The volume constraint is a key component when dealing with optimization problems in cylinders. In this exercise, the volume is constrained at 64 in\(^3\). This means that our cylinder must hold exactly this amount of space. Using the formula for volume, \( V = \pi r^2 h \), we need to find a relationship between the radius \( r \) and the height \( h \) that holds this volume consistent while minimizing other factors like material use. This leads to creating an equation where \( r \) and \( h \) are dependent on each other, which then simplifies our equation into working with a single variable.

Finding critical points by using derivatives is important in calculus for optimization problems. Critical points occur where the derivative of a function is zero, indicating potential maximum and minimum points. To reduce material used in constructing the cylinder, the derivative of the materials function with respect to \( r \), \( M'(r) \), is calculated. This derivative is set to zero:\[4r - \frac{2048}{\pi r^3} + 64 = 0\]Solving this equation helps us determine the radius at which material use is minimized. Plugging this \( r \) back into the constraints will give associated values for \( h \), completing the dimensions that optimize the material usage.

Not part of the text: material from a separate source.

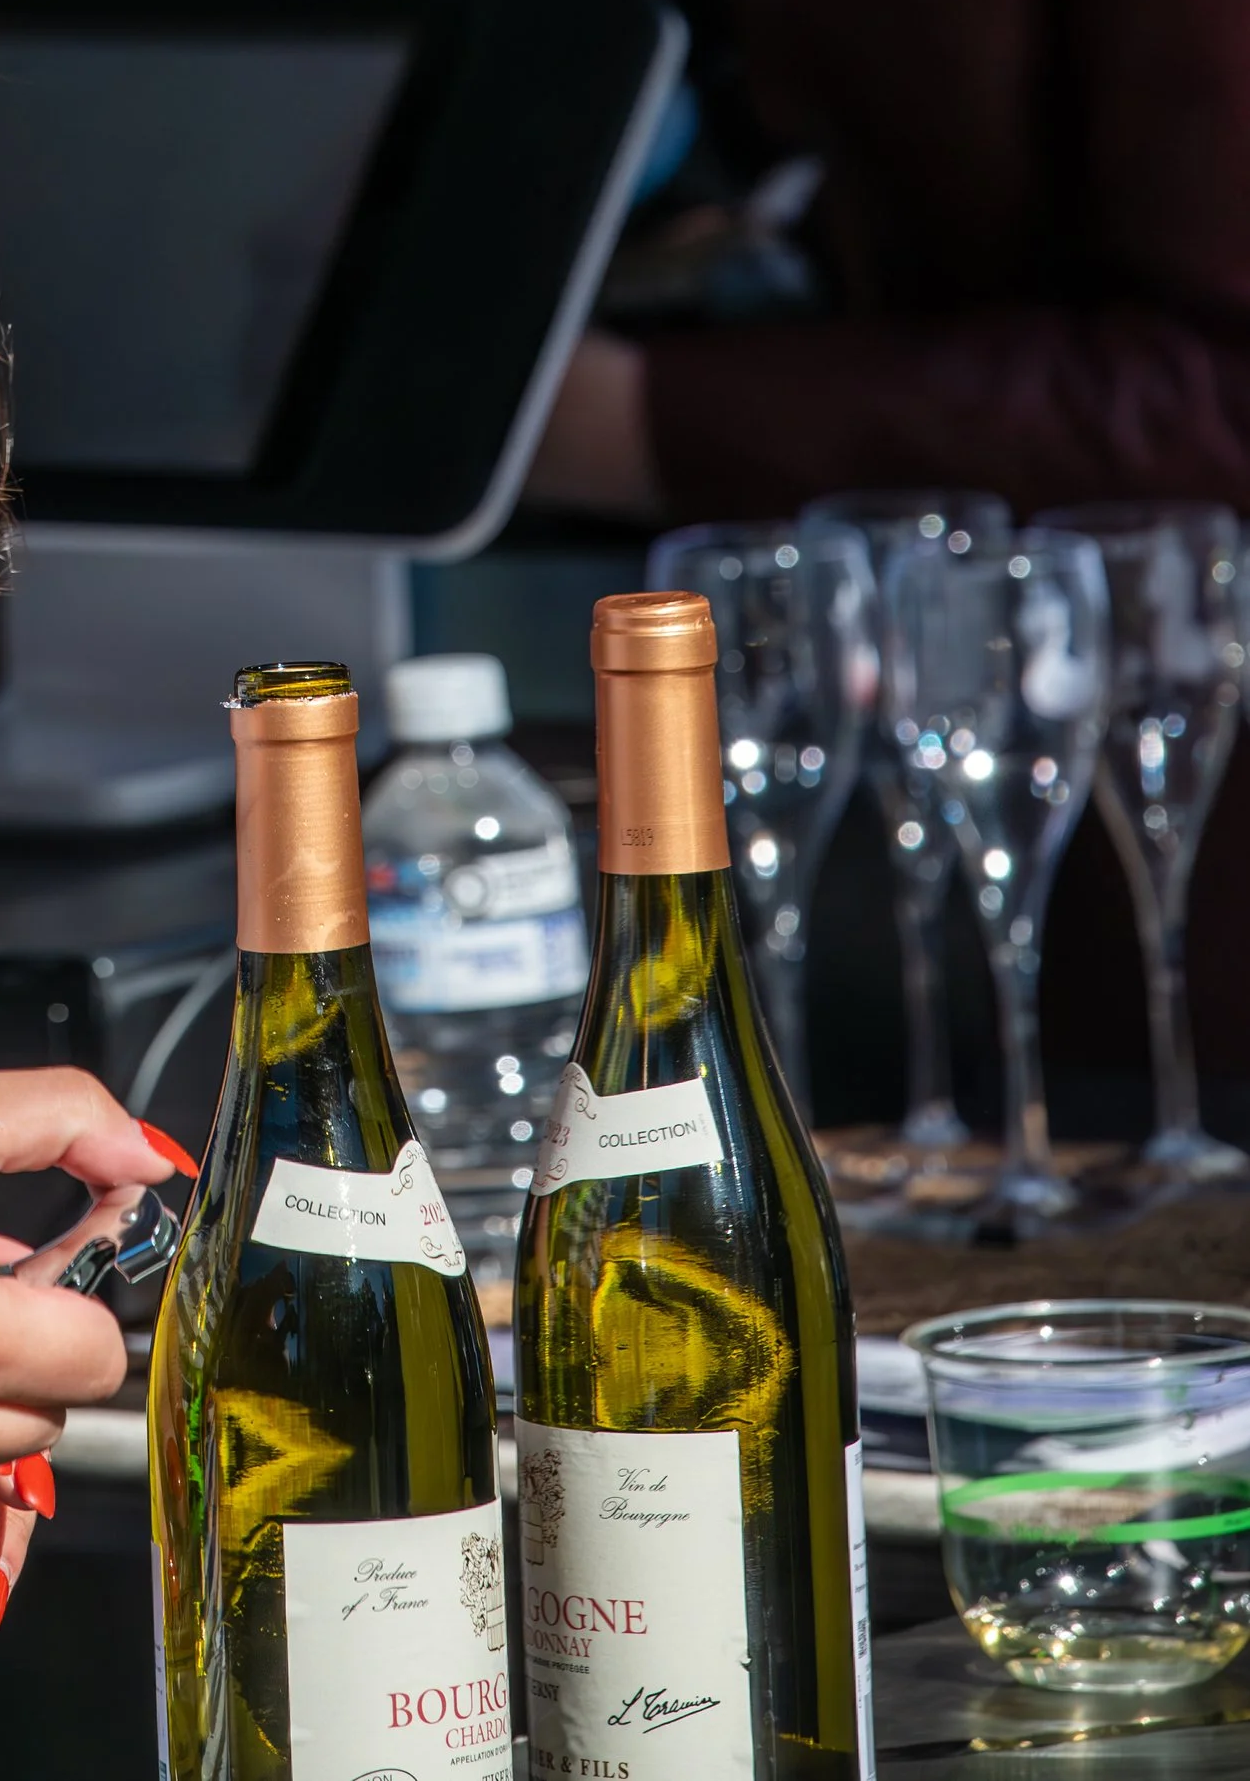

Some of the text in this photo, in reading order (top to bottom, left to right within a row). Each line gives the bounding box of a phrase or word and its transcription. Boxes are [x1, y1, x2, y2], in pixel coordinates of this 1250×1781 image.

Concrete applications involve minimizing materials for cost or efficiency reasons. In the scenario where you need to construct a cylindrical can, material minimization means using as little material for the structure while maintaining its volume. The total material is calculated from the area of the two circular ends and the curved side. - Top and bottom are formed from squares, thus their contribution is \( 2(r^2 + h^2) \).- The side material forms a rectangle when uncurled, calculated as \( 2\pi rh \). Summing these gives \( M(r, h) \). By finding a way to express \( M \) in terms of a single variable, then finding its derivative, we identify the optimal \( r \) and \( h \) that satisfy both the volume constraint and minimum material use. This process demonstrates how calculus helps in creating solutions that are both efficient and economical.